= List of websites blocked in Belgium =

The precise number of websites blocked in Belgium is unknown. Blocking may vary from one Internet Service Provider (ISP) to another with some sites blocked by some ISPs and not by others.

Site blocks in Belgium are at this moment based on DNS Hijacking which has the possibilities of circumventing using proxies or DNS over HTTPS. Blocked websites are redirected to a multilingual StopPage

== Verification ==

There is no official complete register of blocked sites. Blocked content includes:
- Court orders (mainly for copyright issues)
- Unilateral blocking (some websites have been reported as being blocked without any known court order on the sole initiative of certain ISPs)
- Gambling regulations (Belgian gambling laws requires a Gambling business to have a local physical gambling point and proper license in order to provide online gambling)

== Court-ordered blocked websites ==
These are the sites explicitly listed and blocked by court cases in Belgium.

| Site name | Domain or URL | Type of site | Reason | ISPs in Court Case | Blocked By | Start date | Resolution date |
| The Pirate Bay | thepiratebay.se; thepiratebay.org; thepiratebay.net; thepiratebay.com; thepiratebay.nu; piratebay.org; piratebay.net; piratebay.se; piratebay.no; jimkeyser.se; ripthepiratebay.com; | Torrent Indexer | Copyright | Proximus; Telenet; | Proximus; Telenet; Numericable; Orange; Voo; | November 2011 |
| Vitae | vitae.co; vitaetoken.io; | Crypto currency | Potential scam |  | Telenet; | June 2021 |
| LS Script Hub | lsscripthub.xyz; | Exploiting | Copyright |  | Proximus; Telenet; Orange; Voo; | June 2023 |

== Unilaterally blocked websites ==
These are the sites blocked by some ISPs in Belgium without any known related court-order. It is believed that these blockings are the result of pressure by the Belgian Anti-piracy Federation (BAF) who threatened ISPs with heavy legal fees should they not comply with their request. The list of ISPs below is probably incomplete as each ISP can decide individually on the matter.

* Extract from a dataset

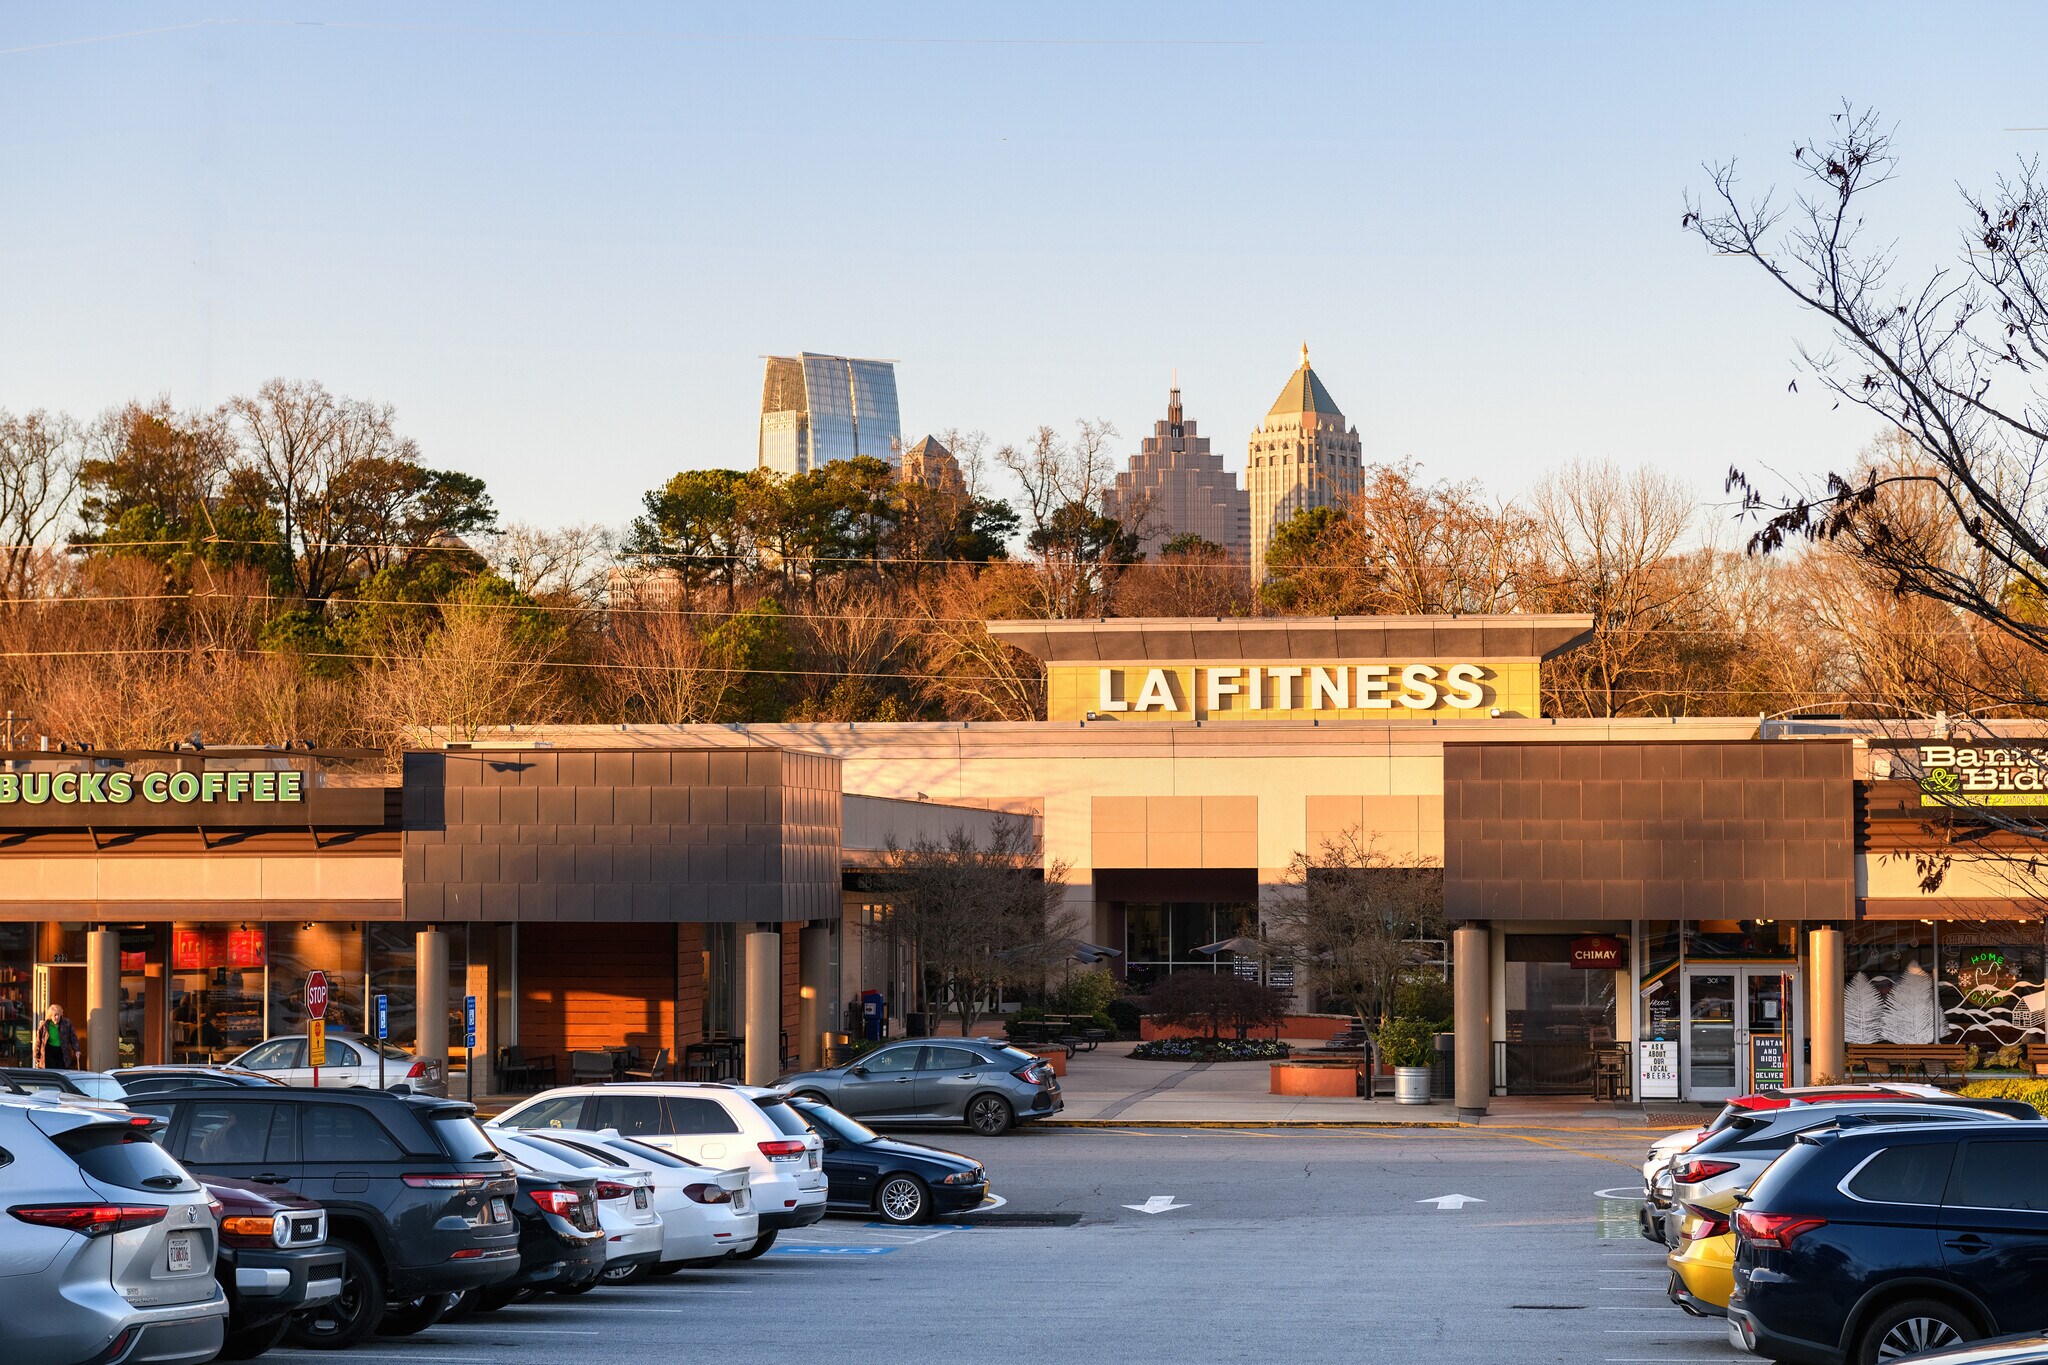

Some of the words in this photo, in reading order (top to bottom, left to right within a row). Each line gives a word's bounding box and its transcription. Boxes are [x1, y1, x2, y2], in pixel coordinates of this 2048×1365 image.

| Case name | Domain or URL | Type of site | Reason | Blocked by | Start date | Resolution date |
|---|---|---|---|---|---|---|
| The Pirate Bay | thepiratebay.se; depiraatbaai.be; | Torrent Indexer | Copyright | Proximus; Orange; Numericable; Telenet; Voo; | December 2011 |  |
| IsoHunt | isohunt.com; | Torrent Indexer | Copyright | Proximus; Orange; Numericable; Telenet; Voo; | unknown^{[citation needed]} | Site moved to new domain in October 2013 |
| KickAssTorrents | kat.ph; kickass.to; | Torrent Indexer | Copyright | Proximus; Orange; Numericable; Telenet; Voo; | August 2013 |  |
| BitSnoop | bitsnoop.com; | Torrent Indexer | Copyright | Proximus; Orange; Telenet; Voo; | August 2013 |  |
| ExtraTorrent | extratorrent.cc; | Torrent Indexer | Copyright | Proximus; Orange; Telenet; Voo; | August 2013 |  |
| h33t | h33t.com; | Torrent Indexer | Copyright | Proximus; Orange; Numericable; Telenet; Voo; | August 2013 | Site moved to new domain in December 2013 |
| monova | monova.org; | Torrent Indexer | Copyright | Proximus; Orange; Telenet; Voo; | unknown^{[citation needed]} |  |
| TorrentReactor | torrentreactor.net; | Torrent Indexer | Copyright | Proximus; Orange; Numericable; Telenet; Voo; | unknown^{[citation needed]} |  |
| TorrentHound | torrenthound.com; | Torrent Indexer | Copyright | Proximus; Orange; Telenet; Voo; | unknown^{[citation needed]} |  |
| Yify Subtitles | yifysubtitles.com; | Movie Subtitles | Copyright | Proximus; Telenet; | February 2016 |  |
| LS Script Hub | lsscripthub.xyz; | Exploiting Tool | Copyright | Proximus; Telenet; Orange; Voo; | June 2023 |  |

== EU-ordered blocked websites ==
These are the sites blocked because of EU mandates.

| Site name | Domain or URL | Type of site | Reason | Blocked By | Start date | Resolution date |
|---|---|---|---|---|---|---|
| Sputnik | sputniknews.com; | News agency | Political | Orange; EDPnet; Telenet; | 2022-08-03 |  |
| RT | www.rt.com; de.rt.com; francais.rt.com; actualidad.rt.com; | News agency | Political | Orange; EDPnet; Telenet; | 2022-08-03 |  |

== Gambling regulations blocked websites ==
The list of blocked gambling websites is the only official publicly available and maintained blocklist in Belgium. The list is available on the official Belgian Gaming Commission website.